Leurs locaux châlonnais sont tels un petit laboratoire de leurs idées et créations. Si en ce moment, le jardin à l’arrière des bureaux est endormi avec les frimas de l’hiver, dès le printemps, ce petit espace sert de test aux équipes de Savart Paysage. « Nous sommes spécialisés dans la conception d’espaces. Nous concevons des rues, des places, des quartiers, des éco-quartiers… Nous réfléchissons à toutes les échelles », fait savoir Marc Soucat, créateur de l’agence en 1998, à Châlons-en-Champagne. Répondant à des appels d’offres publics aussi bien qu’à des demandes d’entreprises privées, l’agence dessine et conçoit les nouveaux plans puis pilote le chantier avec les entreprises de travaux, terrassement, voiries etc. En décembre 2024, Savart Paysage a été récompensée aux Victoires du Paysage, avec la mention spéciale « Expérimentation » pour son travail sur le parc « Latitudes » au sein de la commune d’Haussimont, dans la Marne.

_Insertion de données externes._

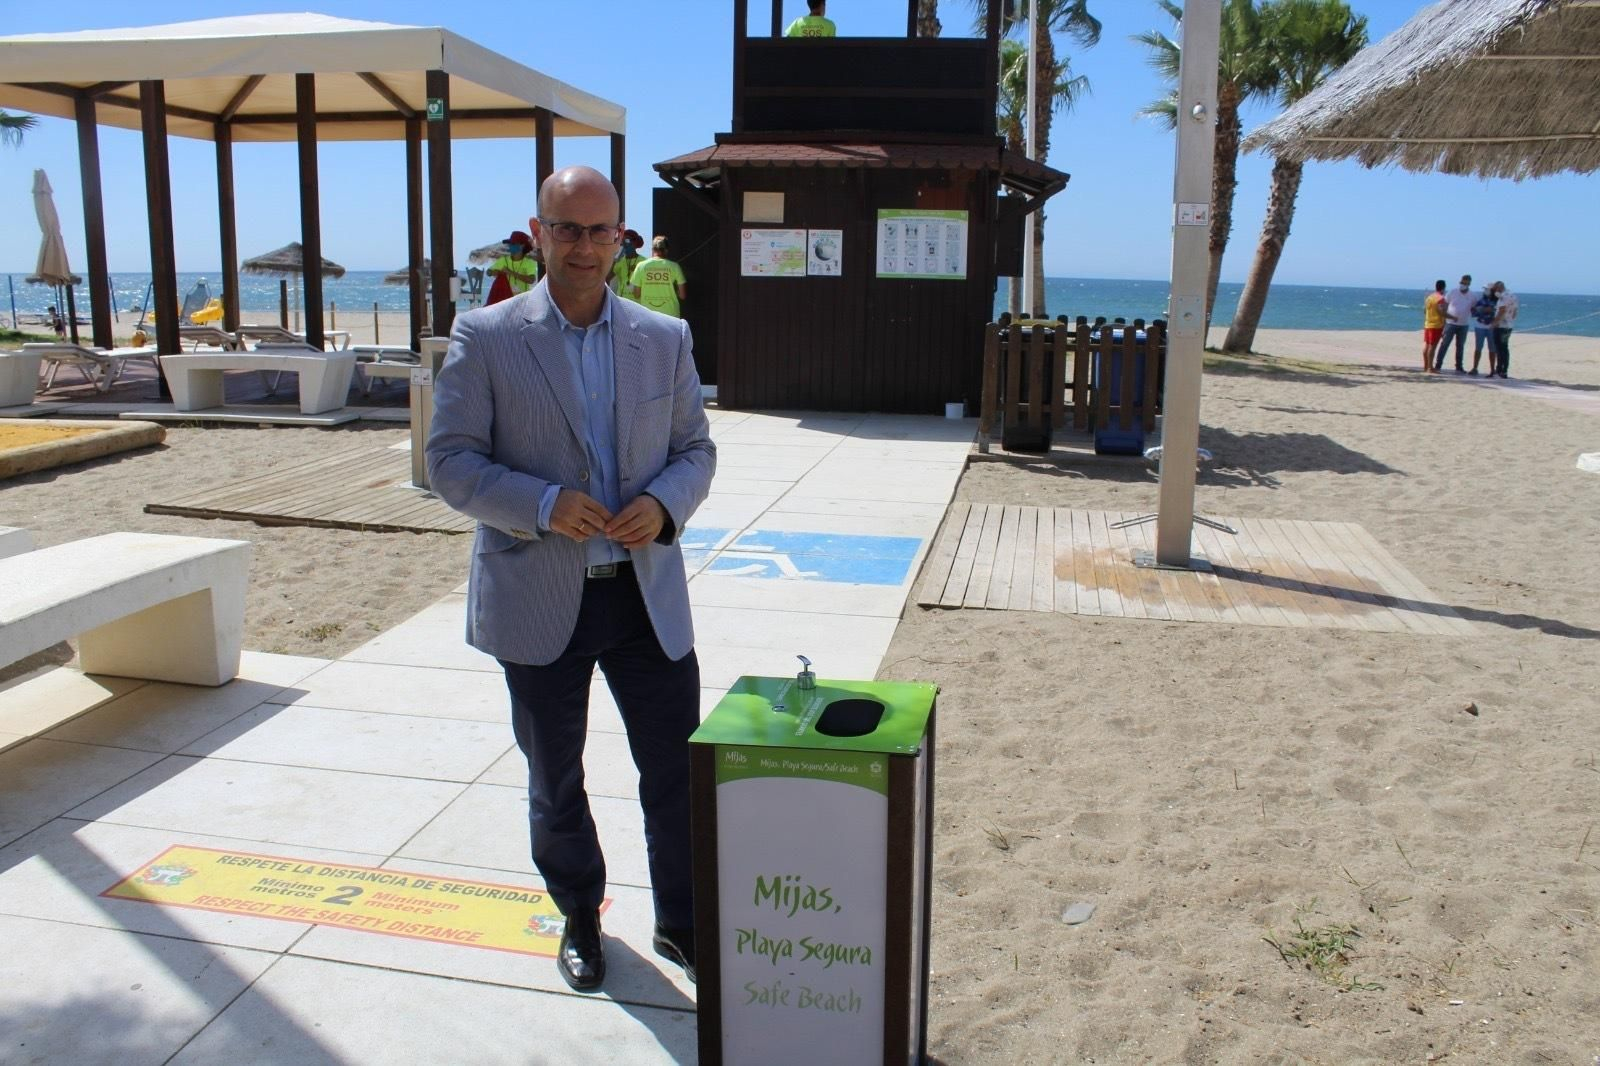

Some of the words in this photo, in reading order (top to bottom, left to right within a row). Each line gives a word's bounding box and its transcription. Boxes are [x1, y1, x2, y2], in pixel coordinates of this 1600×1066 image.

[646, 272, 669, 281] SOS
[783, 759, 800, 773] Playa
[216, 854, 291, 872] RESPETE
[290, 863, 315, 875] LA
[316, 866, 408, 888] DISTANCIA
[411, 879, 435, 890] DE
[438, 882, 543, 905] SEGURIDAD
[249, 884, 318, 899] metros
[321, 885, 364, 906] 2
[371, 891, 461, 912] Minimum
[753, 874, 842, 918] Mijas,
[363, 899, 434, 915] meters
[191, 895, 272, 914] RESPECT
[274, 905, 313, 918] THE
[317, 910, 387, 926] SAFETY
[387, 920, 485, 942] DISTANCE
[735, 928, 793, 966] Playa
[799, 936, 872, 969] Segura
[743, 981, 790, 1008] Safe
[797, 986, 862, 1014] Beach
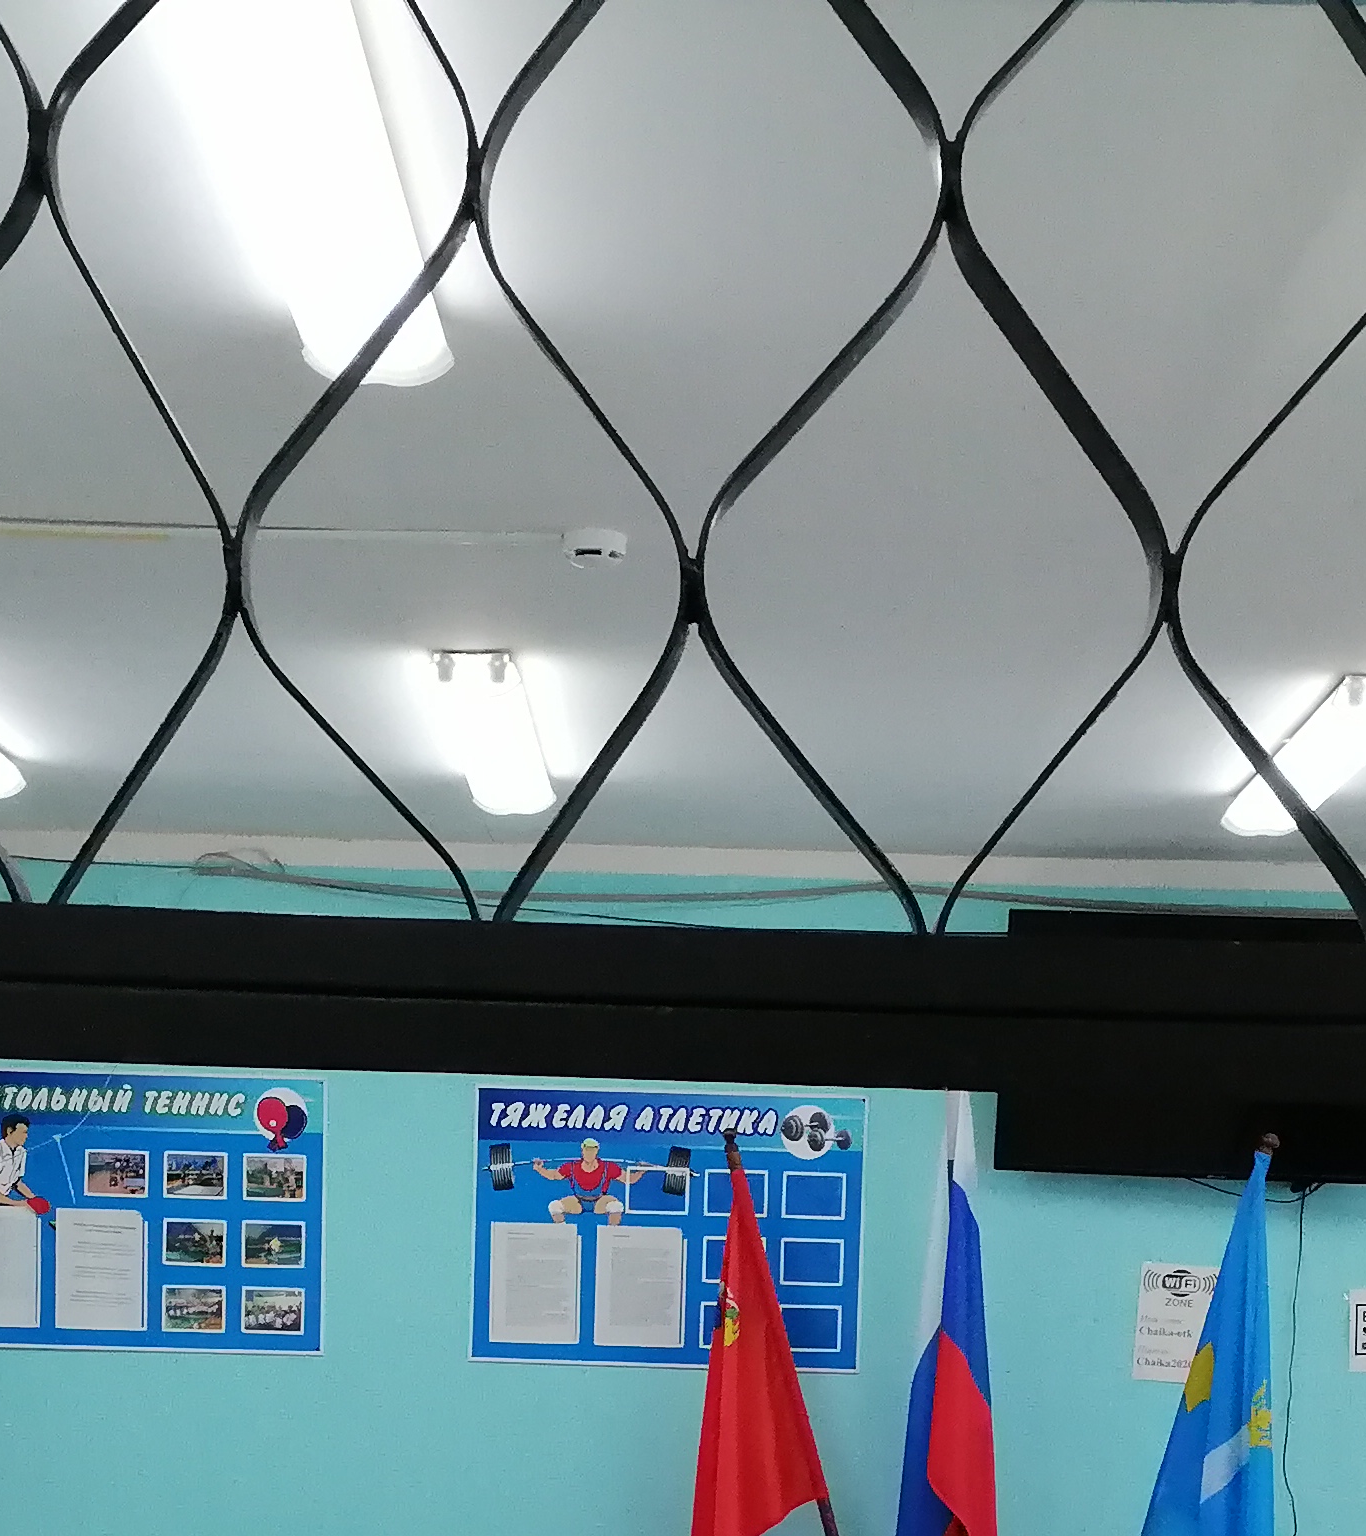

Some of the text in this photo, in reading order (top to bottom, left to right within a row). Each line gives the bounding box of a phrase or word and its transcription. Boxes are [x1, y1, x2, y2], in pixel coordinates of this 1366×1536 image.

[144, 1090, 245, 1117] ТЕННИС
[490, 1102, 778, 1135] ТЯЖЕЛАЯ АТЛЕТИКА
[1164, 1297, 1194, 1308] ZONE

Repenser les techniques horticoles
« Le maire, Bruno Roulot, nous a contacté pour réaliser un parc expérimental sur le thème des Latitudes pour accompagner une future zone d’habitat. Et ce qui au départ ne devait faire que quelques mètres de large, fait au final 20 mètres ! » L’équipe de Savart paysage est partie du terme « Latitudes » pour « illustrer le rapport du végétal à l’évolution du climat et démontrer aussi, les incertitudes que l’on a ». Le parc est ainsi, « coupé en deux », avec au Nord, des espèces végétales plantées, poussant sous climat tempéré (hêtres, charmes, pruniers, sorbiers, etc.), tandis qu’au sud, les espèces sont issues de climat méditerranéen (palmiers, oliviers, lilas de Perse). « Entre les deux, nous avons planté des végétaux qui font partie des deux climats. » Après un an d’études, les travaux ont duré six mois. « Nous avons deux ans pour suivre l’évolution mais l’objectif est de laisser les plantes vivre et d’observer leur évolution. On change de paradigme et de regard sur la notion horticole », insiste Marc Soucat. Ce projet, innovant, s’inscrit dans la lignée de l’état d’esprit de l’agence, qui a « toujours essayé de repenser l’horticulture », comme lors d’un des premiers projets, celui de l’éco-quartier Réma’ Vert de Reims, pensé en collaboration avec le bailleur Plurial Novilia. « L’objectif était de ramener de la nature en ville, dans une zone avec des habitations et des services, avec comme philosophie que l’espace vert privé déborde sur le public. »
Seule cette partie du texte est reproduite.